§ Records shown:
- Opening Delimiter -

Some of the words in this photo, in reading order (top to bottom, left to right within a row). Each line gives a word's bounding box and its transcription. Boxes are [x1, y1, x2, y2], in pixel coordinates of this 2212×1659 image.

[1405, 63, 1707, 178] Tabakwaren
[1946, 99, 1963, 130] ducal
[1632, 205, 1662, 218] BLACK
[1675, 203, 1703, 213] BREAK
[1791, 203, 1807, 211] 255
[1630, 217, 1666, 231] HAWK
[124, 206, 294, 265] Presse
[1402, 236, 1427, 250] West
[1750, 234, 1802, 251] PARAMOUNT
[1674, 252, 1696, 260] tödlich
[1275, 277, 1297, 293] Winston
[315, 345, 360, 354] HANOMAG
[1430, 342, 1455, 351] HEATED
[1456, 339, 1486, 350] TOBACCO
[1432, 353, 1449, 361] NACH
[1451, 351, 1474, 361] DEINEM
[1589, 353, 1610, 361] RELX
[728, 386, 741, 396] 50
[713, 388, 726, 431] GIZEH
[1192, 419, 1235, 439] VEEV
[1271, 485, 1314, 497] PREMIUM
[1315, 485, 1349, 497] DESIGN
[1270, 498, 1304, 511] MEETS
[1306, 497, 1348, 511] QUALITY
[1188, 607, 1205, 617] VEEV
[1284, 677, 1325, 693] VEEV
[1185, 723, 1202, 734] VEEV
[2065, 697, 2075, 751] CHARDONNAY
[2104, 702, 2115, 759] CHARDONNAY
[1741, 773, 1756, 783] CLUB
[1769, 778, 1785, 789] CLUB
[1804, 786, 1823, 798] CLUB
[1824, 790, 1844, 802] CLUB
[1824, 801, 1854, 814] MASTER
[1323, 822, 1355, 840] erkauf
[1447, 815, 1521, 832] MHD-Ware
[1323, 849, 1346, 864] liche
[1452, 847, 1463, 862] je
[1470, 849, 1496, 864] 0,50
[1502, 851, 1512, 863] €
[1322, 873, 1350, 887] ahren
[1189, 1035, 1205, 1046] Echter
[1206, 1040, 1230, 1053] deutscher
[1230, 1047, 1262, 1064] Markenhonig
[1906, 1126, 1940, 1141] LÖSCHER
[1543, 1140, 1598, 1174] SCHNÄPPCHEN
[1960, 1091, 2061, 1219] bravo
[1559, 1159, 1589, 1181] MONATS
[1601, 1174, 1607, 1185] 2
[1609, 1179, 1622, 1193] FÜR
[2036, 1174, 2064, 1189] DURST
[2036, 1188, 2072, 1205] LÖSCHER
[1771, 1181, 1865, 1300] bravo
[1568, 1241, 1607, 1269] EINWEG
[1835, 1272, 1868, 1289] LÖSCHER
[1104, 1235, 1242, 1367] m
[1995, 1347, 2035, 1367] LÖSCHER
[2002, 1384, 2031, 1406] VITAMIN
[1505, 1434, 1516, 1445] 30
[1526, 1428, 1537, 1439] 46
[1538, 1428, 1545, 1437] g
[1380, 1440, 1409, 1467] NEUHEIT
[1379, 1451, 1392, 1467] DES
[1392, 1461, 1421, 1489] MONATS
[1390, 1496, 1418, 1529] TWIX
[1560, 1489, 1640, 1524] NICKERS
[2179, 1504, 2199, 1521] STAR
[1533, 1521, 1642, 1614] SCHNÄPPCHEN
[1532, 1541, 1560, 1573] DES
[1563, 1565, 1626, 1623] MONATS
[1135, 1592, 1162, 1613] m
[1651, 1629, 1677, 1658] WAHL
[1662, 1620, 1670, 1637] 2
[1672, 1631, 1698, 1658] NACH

- Closing Delimiter -

Each record shown above is to be given again exactly.

Some of the words in this photo, in reading order (top to bottom, left to right within a row). Each line gives a word's bounding box and its transcription. Boxes are [x1, y1, x2, y2], in pixel coordinates of this 2212×1659 image.

[1405, 63, 1707, 178] Tabakwaren
[1946, 99, 1963, 130] ducal
[1632, 205, 1662, 218] BLACK
[1675, 203, 1703, 213] BREAK
[1791, 203, 1807, 211] 255
[1630, 217, 1666, 231] HAWK
[124, 206, 294, 265] Presse
[1402, 236, 1427, 250] West
[1750, 234, 1802, 251] PARAMOUNT
[1674, 252, 1696, 260] tödlich
[1275, 277, 1297, 293] Winston
[315, 345, 360, 354] HANOMAG
[1430, 342, 1455, 351] HEATED
[1456, 339, 1486, 350] TOBACCO
[1432, 353, 1449, 361] NACH
[1451, 351, 1474, 361] DEINEM
[1589, 353, 1610, 361] RELX
[728, 386, 741, 396] 50
[713, 388, 726, 431] GIZEH
[1192, 419, 1235, 439] VEEV
[1271, 485, 1314, 497] PREMIUM
[1315, 485, 1349, 497] DESIGN
[1270, 498, 1304, 511] MEETS
[1306, 497, 1348, 511] QUALITY
[1188, 607, 1205, 617] VEEV
[1284, 677, 1325, 693] VEEV
[1185, 723, 1202, 734] VEEV
[2065, 697, 2075, 751] CHARDONNAY
[2104, 702, 2115, 759] CHARDONNAY
[1741, 773, 1756, 783] CLUB
[1769, 778, 1785, 789] CLUB
[1804, 786, 1823, 798] CLUB
[1824, 790, 1844, 802] CLUB
[1824, 801, 1854, 814] MASTER
[1323, 822, 1355, 840] erkauf
[1447, 815, 1521, 832] MHD-Ware
[1323, 849, 1346, 864] liche
[1452, 847, 1463, 862] je
[1470, 849, 1496, 864] 0,50
[1502, 851, 1512, 863] €
[1322, 873, 1350, 887] ahren
[1189, 1035, 1205, 1046] Echter
[1206, 1040, 1230, 1053] deutscher
[1230, 1047, 1262, 1064] Markenhonig
[1906, 1126, 1940, 1141] LÖSCHER
[1543, 1140, 1598, 1174] SCHNÄPPCHEN
[1960, 1091, 2061, 1219] bravo
[1559, 1159, 1589, 1181] MONATS
[1601, 1174, 1607, 1185] 2
[1609, 1179, 1622, 1193] FÜR
[2036, 1174, 2064, 1189] DURST
[2036, 1188, 2072, 1205] LÖSCHER
[1771, 1181, 1865, 1300] bravo
[1568, 1241, 1607, 1269] EINWEG
[1835, 1272, 1868, 1289] LÖSCHER
[1104, 1235, 1242, 1367] m
[1995, 1347, 2035, 1367] LÖSCHER
[2002, 1384, 2031, 1406] VITAMIN
[1505, 1434, 1516, 1445] 30
[1526, 1428, 1537, 1439] 46
[1538, 1428, 1545, 1437] g
[1380, 1440, 1409, 1467] NEUHEIT
[1379, 1451, 1392, 1467] DES
[1392, 1461, 1421, 1489] MONATS
[1390, 1496, 1418, 1529] TWIX
[1560, 1489, 1640, 1524] NICKERS
[2179, 1504, 2199, 1521] STAR
[1533, 1521, 1642, 1614] SCHNÄPPCHEN
[1532, 1541, 1560, 1573] DES
[1563, 1565, 1626, 1623] MONATS
[1135, 1592, 1162, 1613] m
[1651, 1629, 1677, 1658] WAHL
[1662, 1620, 1670, 1637] 2
[1672, 1631, 1698, 1658] NACH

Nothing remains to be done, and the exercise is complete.